Com o material, digamos, legitimado por dois grandes veículos de imprensa, Greenwald e os seus miquinhos redobraram nas redes sociais a mentira de que somos a favor da censura e de um estado “policialesco”. O mesmo truque usado contra nós quando nos posicionamos contra a permissão para entrevistar Lula na cadeia em pleno período eleitoral – uma tentativa partidária, não jornalística, de influenciar e tumultuar as eleições. Volta e meia repetem a lenga-lenga. Exigir respeito dessa gente é inútil.

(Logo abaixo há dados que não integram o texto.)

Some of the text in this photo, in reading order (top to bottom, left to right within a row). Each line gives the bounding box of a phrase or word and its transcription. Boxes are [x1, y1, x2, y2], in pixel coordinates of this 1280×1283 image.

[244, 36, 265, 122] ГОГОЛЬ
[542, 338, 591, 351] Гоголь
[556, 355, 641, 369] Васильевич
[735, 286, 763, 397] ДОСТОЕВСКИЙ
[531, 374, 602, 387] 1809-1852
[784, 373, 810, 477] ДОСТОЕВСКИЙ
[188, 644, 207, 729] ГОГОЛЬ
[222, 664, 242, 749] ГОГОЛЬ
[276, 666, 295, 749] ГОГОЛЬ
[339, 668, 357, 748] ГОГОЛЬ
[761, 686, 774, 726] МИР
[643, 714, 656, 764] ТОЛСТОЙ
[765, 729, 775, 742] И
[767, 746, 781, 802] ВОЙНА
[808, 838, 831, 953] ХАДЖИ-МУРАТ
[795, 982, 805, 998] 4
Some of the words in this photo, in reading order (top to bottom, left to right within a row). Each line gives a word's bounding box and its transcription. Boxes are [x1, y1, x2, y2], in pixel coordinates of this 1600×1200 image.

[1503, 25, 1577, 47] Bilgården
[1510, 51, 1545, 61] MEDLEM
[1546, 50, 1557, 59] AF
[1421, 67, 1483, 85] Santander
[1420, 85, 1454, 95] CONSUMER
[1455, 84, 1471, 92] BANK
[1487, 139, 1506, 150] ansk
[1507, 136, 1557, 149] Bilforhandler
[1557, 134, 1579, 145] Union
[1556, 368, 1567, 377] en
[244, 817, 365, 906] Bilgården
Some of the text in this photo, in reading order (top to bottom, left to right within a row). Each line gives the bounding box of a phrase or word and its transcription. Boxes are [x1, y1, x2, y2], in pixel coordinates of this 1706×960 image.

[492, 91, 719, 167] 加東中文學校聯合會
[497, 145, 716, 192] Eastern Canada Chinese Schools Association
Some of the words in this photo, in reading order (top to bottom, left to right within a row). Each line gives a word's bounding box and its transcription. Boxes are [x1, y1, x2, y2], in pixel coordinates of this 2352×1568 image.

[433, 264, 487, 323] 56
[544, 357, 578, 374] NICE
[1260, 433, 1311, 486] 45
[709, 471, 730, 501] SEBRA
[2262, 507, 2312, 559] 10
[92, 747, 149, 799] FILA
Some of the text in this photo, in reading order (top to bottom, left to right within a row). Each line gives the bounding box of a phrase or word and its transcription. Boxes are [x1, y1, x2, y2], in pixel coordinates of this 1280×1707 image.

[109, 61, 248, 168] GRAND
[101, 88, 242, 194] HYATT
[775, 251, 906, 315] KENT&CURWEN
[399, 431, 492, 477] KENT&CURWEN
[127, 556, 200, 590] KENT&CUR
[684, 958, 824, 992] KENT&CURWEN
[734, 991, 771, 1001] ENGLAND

Não publicamos grampos ilegais por uma questão de princípio, como já disse em outro artigo. Se há jornal que o faz, está no seu direito – assim como está no nosso direito apontar as manipulações e as mentiras divulgadas a partir do que foi entregue a Greenwald. Quanto à PF, ela cumpre tão-somente o seu dever ao tentar identificar o hacker que roubou mensagens atribuídas ao ex-juiz Sergio Moro e aos procuradores da Lava Jato. Faria o mesmo se Moro não fosse o ministro da Justiça.

Ninguém prendeu ou prenderá Greenwald para obrigá-lo a quebrar o sigilo de fonte. Seria tão grave e inconstitucional quanto violar o sigilo de correspondência de qualquer cidadão, ainda mais quando o conteúdo se refere a uma investigação criminal. A coisa fica pior porque está claro que a intenção do hacker é embaraçar a administração da Justiça, para a manifesta alegria do divulgador. Se a PF concluir que Greenwald não participou do roubo nem pagou por ele, dará um atestado de idoneidade ao mártir americano, pelo menos nesse ponto. Greenwald deveria até aplaudir, já que diz não ter nada a temer, e parar de tentar nos censurar porque noticiamos que a PF está no caso. Ela não estaria se a fonte não fosse criminosa – por isso também a censura à Crusoé e a O Antagonista foi ultrajante. Vi-me diante de um delegado da PF, a mando de um ministro do STF, pelo fato de a revista ter publicado uma reportagem baseada em documento legal, entranhado num processo público da Lava Jato.

Democracia tem ladrão, liberdade de imprensa e polícia para quem precisa de polícia, naturalmente.